How does the reactiion stop and where does the energy go??
Without a moderator the neutrons being expelled are too fast, the chance of neutron absorption and fission drops and you stop producing new neutrons.
The neutrons you have slowly escape the reactor.
Can anyone explain why a submarine reactor can operate with weapons-grade uranium without going critical? Those fuel rods are enriched to 90% or higher.
You need to get to a ratio of 1 fission causing 1 fission. If your reactor is small a lot of the neutrons are gonna leave the reactor. Thus you need more uranium 235 to be sure to be able to sustain the reaction. If i have a enormeus lump of uranium i can even sustain chain reaction in it without enriching it. Candu's work on this process. However if i want to make something small i need to have a very high enrichment to be able to sustain the chain reaction even when losing a lot of neutrons to the outside world. Thus i need highly enriched fuel. Control rods then help keep the reaction stable.

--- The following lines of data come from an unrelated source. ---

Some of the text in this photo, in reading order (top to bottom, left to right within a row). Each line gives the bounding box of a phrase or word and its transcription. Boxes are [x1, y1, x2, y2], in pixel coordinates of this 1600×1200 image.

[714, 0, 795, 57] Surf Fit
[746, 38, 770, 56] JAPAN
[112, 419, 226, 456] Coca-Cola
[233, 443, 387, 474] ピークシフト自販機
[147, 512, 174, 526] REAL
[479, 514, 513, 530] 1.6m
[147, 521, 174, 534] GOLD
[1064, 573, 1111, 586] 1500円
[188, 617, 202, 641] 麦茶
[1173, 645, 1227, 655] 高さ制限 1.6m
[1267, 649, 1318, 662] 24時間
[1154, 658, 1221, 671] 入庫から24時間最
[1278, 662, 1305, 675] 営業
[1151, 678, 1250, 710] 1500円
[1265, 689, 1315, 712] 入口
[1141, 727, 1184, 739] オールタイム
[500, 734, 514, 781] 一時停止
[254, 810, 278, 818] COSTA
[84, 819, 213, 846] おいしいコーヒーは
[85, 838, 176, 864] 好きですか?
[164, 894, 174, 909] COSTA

Critical means the reaction is stable 1 fission causes 1 fission on average. sub critical means the reaction is going down 1 fission -> >1 fission's. Nuclear weapons don't go critical. They go super critical.

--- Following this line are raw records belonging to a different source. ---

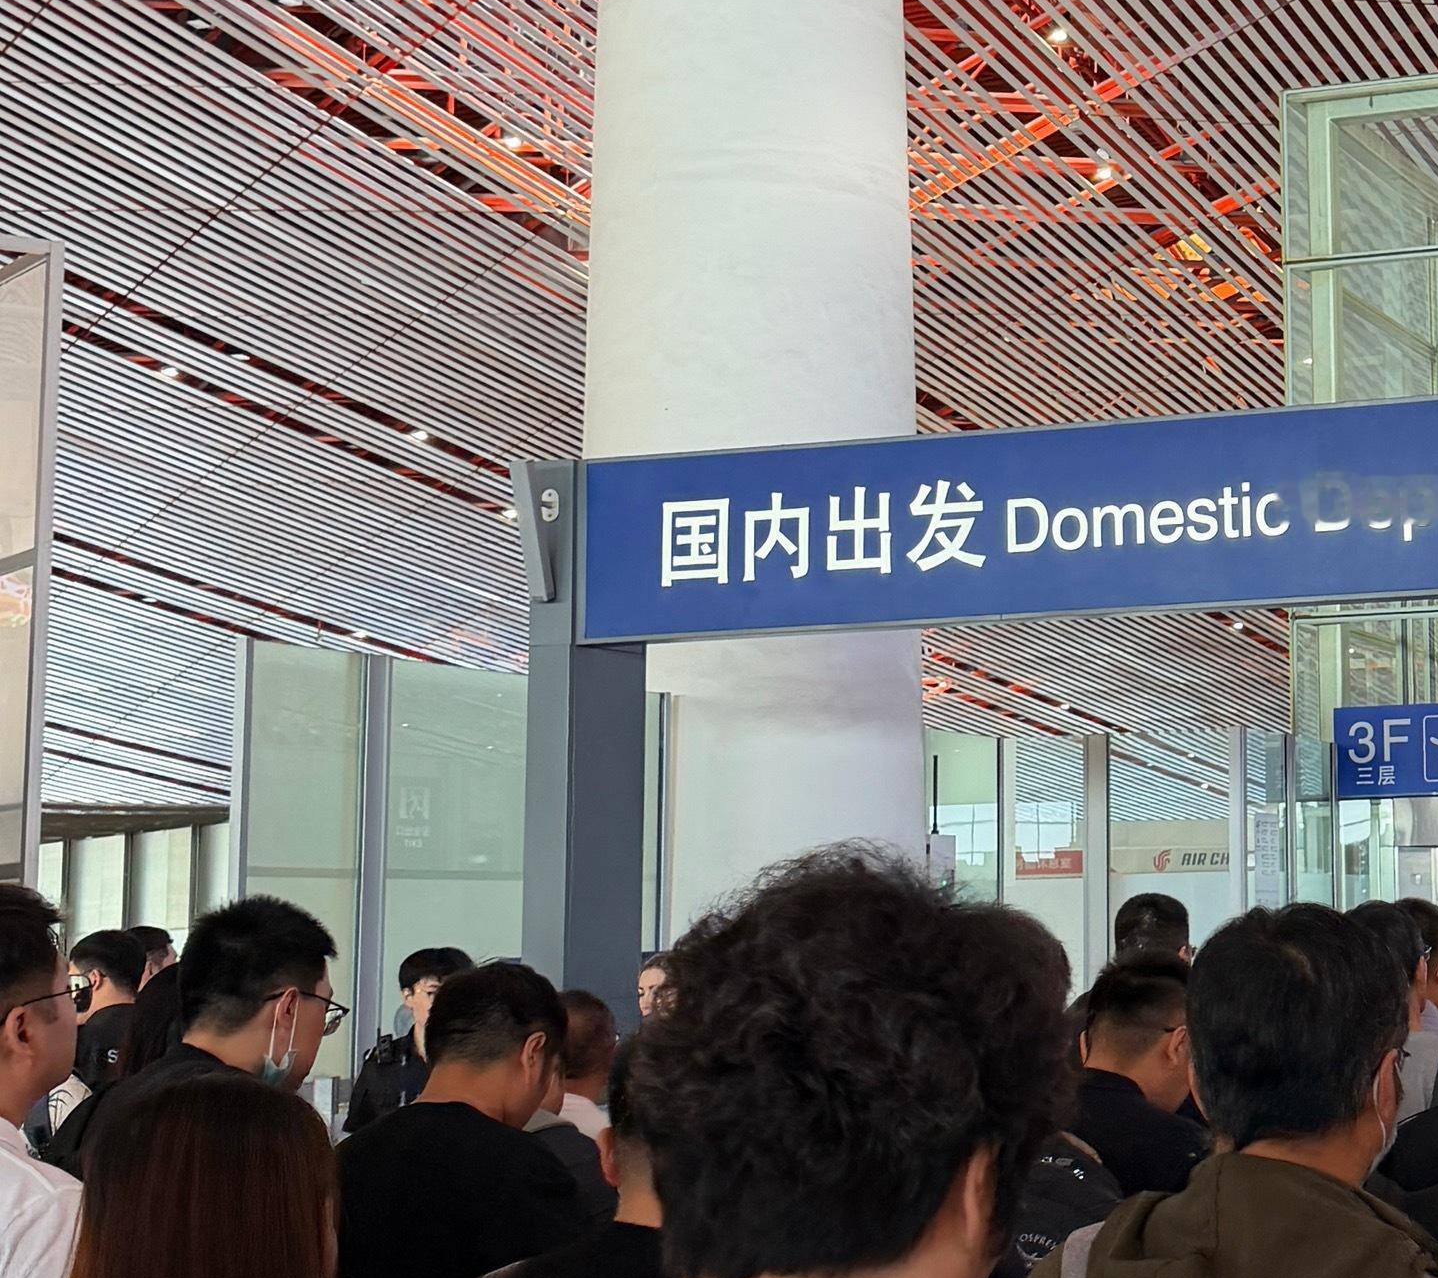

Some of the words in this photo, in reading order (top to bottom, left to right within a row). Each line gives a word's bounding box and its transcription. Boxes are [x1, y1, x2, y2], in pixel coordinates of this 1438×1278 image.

[660, 479, 988, 588] 国内出发
[1006, 481, 1291, 554] Domestic
[1348, 717, 1412, 765] 3F
[1356, 765, 1396, 786] 三层
[1181, 852, 1207, 866] AIR

@@pokekick4185 Makes sense, but then how does a sub reactor sustain that near the end of its ~25-year fuel cycle, when much of its fuel has been consumed? Is it simply a matter of having more control rods in place to keep the stack from going super critical? Could a sub reactor theoretically go super critical if all control rods were withdrawn? In a commercial reactor the reaction stops without the moderator and cannot reach super critical under any circumstances. >20% U-235 is considered weapons grade.
You start with more control rods in the core and slowly retract them over the course of the reactors lifetime. Highly enriched fuel can also wait out certain neutron poisons till they decay on their own.
The reactor would also not like explode but instead melt down (read the fuel/core of the reactor become a 1000 degree liquid and start flowing down.) Getting uranium to explode takes quite a lot of effort in compressing and timing it. A sub reactor is also much smaller reactor surrounded by water that can take the heat a lot better than air. Making problems like cooling a lot easier to solve.
Something smell.
If uranium go fission after absorbing neutron...from WHERE the neutron at first?
8:30 - this is catastrophy scenario for all LWRs...when water disappear, core caugh meltdown. That is WHY we should abandon that idea...
Okay 1 very rare way of nuclear decay is spontaneous fission. Meaning a very heavy atom decides to break in 2 without outside influence. This happens in less than 1 out of a million normal decays for a few rare isotopes among these are U235, U238, Pu 239 and Pu240. This means the first neutrons can come from this process. Because there are no neutron poisons in the fuel yet this means the chain reaction can speed up every fission producing more neutrons than it took to get it. Slowly the fission products accumulate and the reaction becomes stable between absorbing neutrons and causing fissions until a ratio of 1 fission producing 1 fission. ( control rods smooth this process out.)